-- INSTRUCTIONS TO FOLLOW --
Find all the lines in the material below with the word "WASHINGTON", and copy them.

-- MATERIAL PROVIDED --
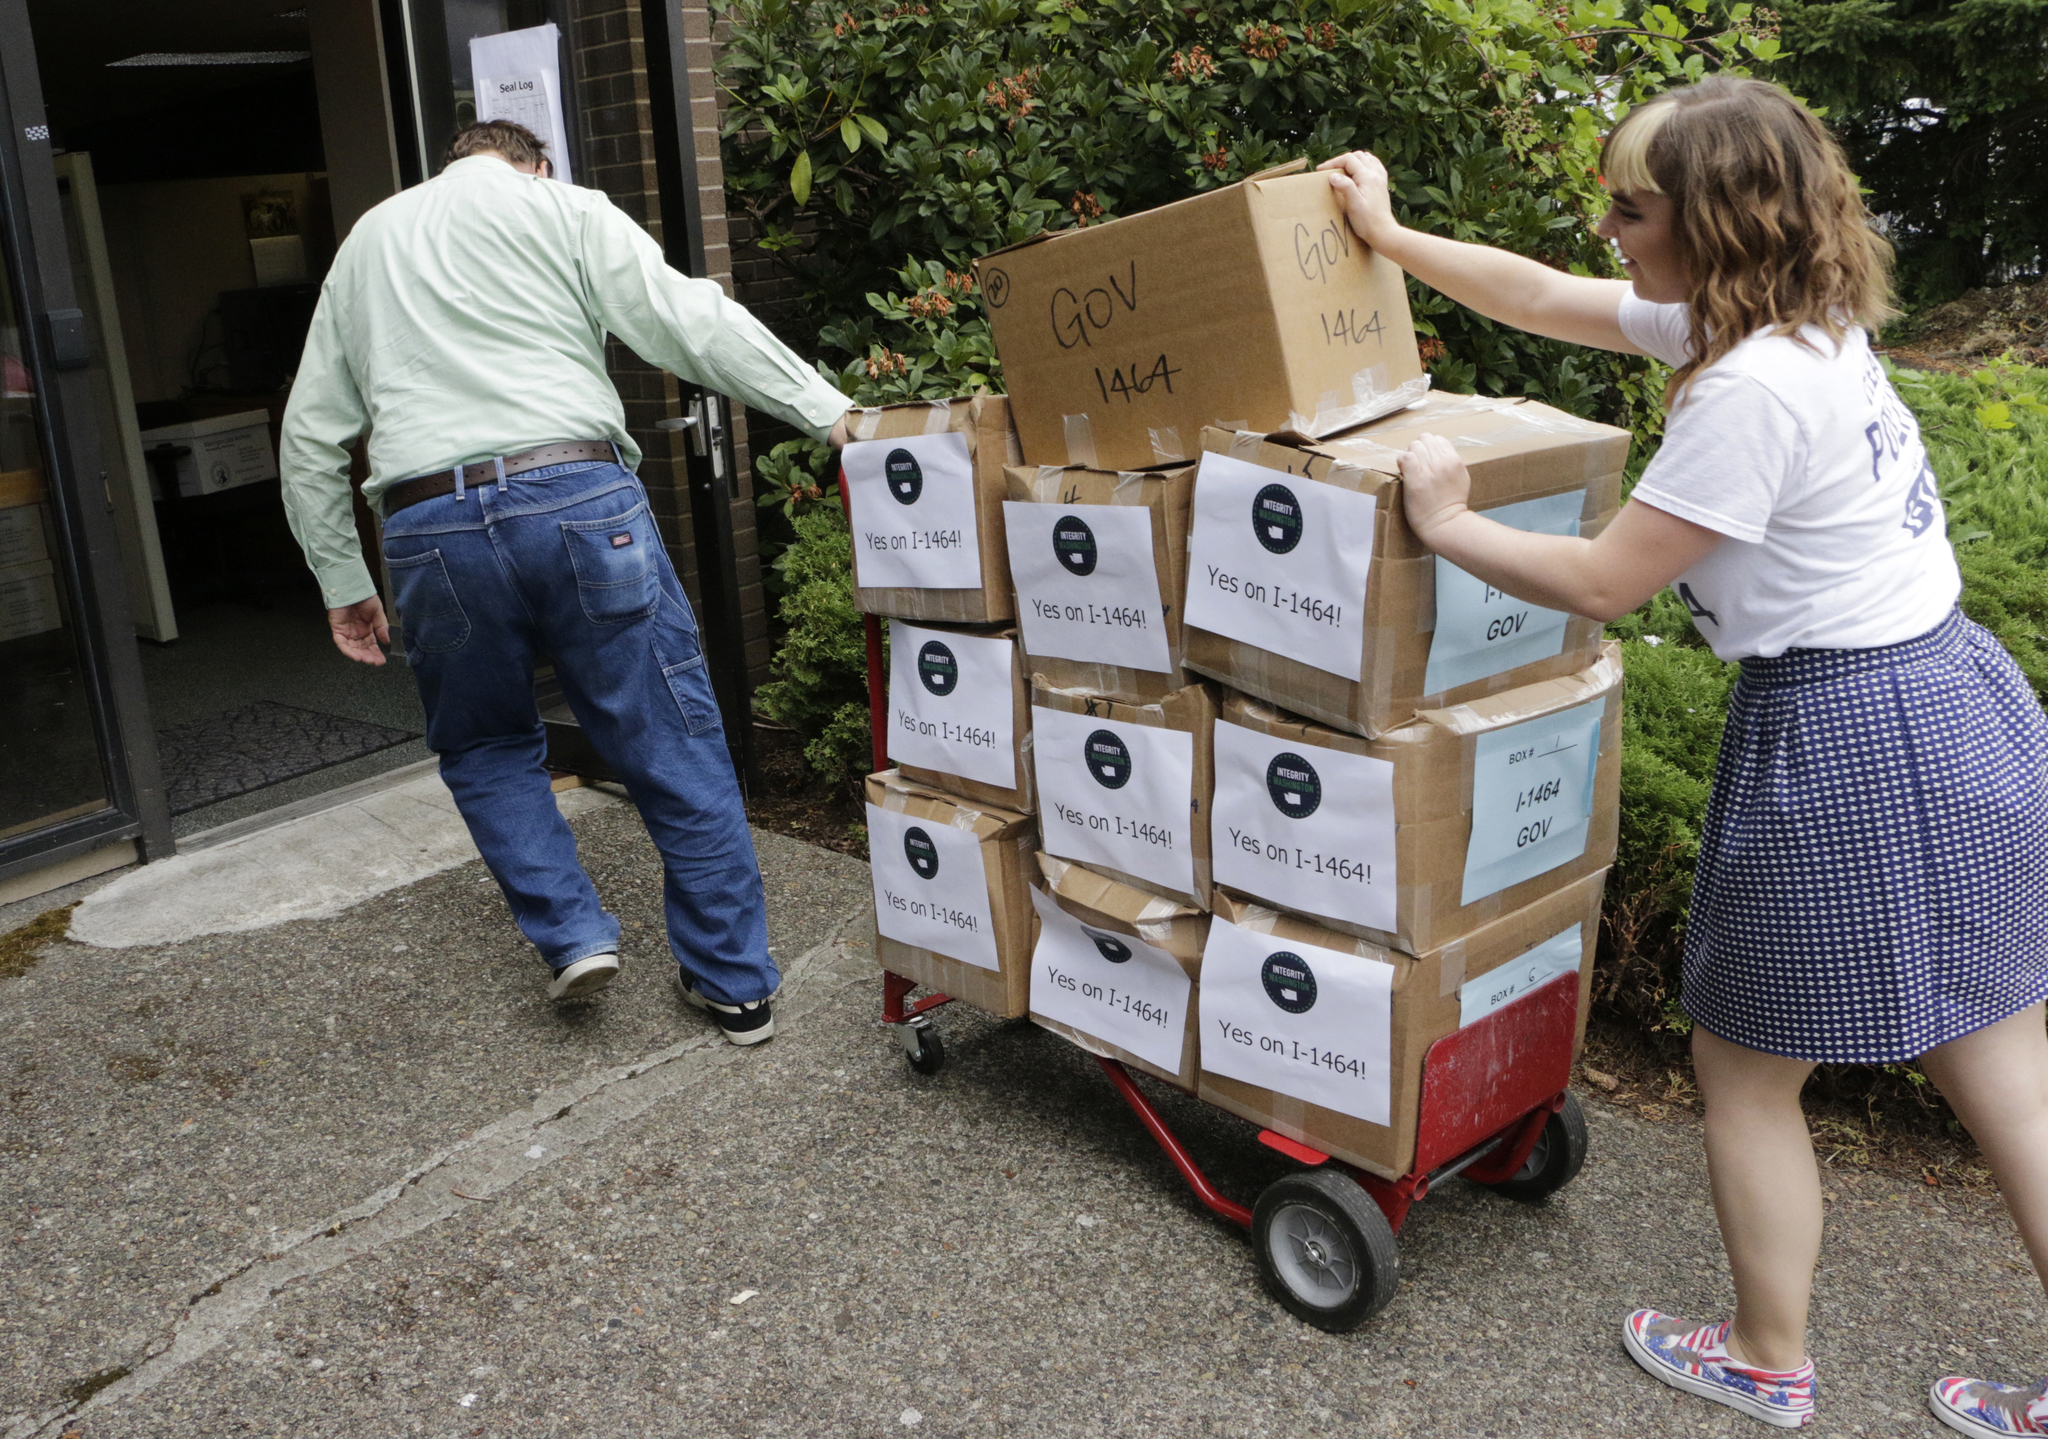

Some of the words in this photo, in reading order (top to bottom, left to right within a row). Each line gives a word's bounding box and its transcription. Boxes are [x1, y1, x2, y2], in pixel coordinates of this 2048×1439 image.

[500, 83, 517, 93] Seal
[518, 81, 534, 91] Log
[1051, 260, 1136, 349] GOV
[1321, 308, 1387, 348] 1464
[1095, 353, 1183, 404] 1464
[890, 462, 913, 472] INTEGRITY
[1259, 508, 1296, 528] WASHINGTON
[1263, 498, 1293, 516] INTEGRITY
[864, 532, 888, 550] Yes
[891, 535, 907, 550] on
[912, 529, 962, 550] I-1464!
[1060, 530, 1087, 541] INTEGRITY
[1206, 564, 1239, 593] Yes
[1244, 582, 1266, 603] on
[1273, 585, 1342, 628] I-1464!
[1032, 598, 1061, 619] Yes
[1065, 605, 1084, 622] on
[1088, 604, 1147, 629] I-1464!
[1486, 610, 1529, 642] GOV
[924, 653, 950, 665] INTEGRITY
[898, 708, 916, 732] Yes
[919, 721, 937, 737] on
[942, 721, 996, 749] I-1464!
[1092, 743, 1121, 756] INTEGRITY
[1508, 750, 1528, 765] BOX
[1272, 776, 1315, 794] WASHINGTON
[1276, 766, 1310, 783] INTEGRITY
[1515, 777, 1562, 813] I-1464
[1054, 802, 1084, 826] Yes
[1088, 814, 1109, 832] on
[1115, 816, 1173, 850] I-1464!
[1516, 815, 1554, 848] GOV
[1228, 826, 1261, 855] Yes
[1266, 843, 1289, 865] on
[1295, 848, 1372, 885] I-1464!
[884, 889, 907, 911] Yes
[910, 901, 927, 917] on
[930, 903, 979, 933] I-1464!
[1268, 973, 1310, 992] WASHINGTON
[1272, 964, 1306, 981] INTEGRITY
[1047, 965, 1076, 991] Yes
[1081, 983, 1104, 1001] on
[1108, 988, 1168, 1029] I-1464!
[1490, 987, 1508, 1006] BOX
[1218, 1019, 1254, 1046] Yes
[1260, 1035, 1285, 1056] on
[1292, 1040, 1366, 1081] I-1464!

-- RESPONSE AREA --
[1259, 508, 1296, 528] WASHINGTON
[1272, 776, 1315, 794] WASHINGTON
[1268, 973, 1310, 992] WASHINGTON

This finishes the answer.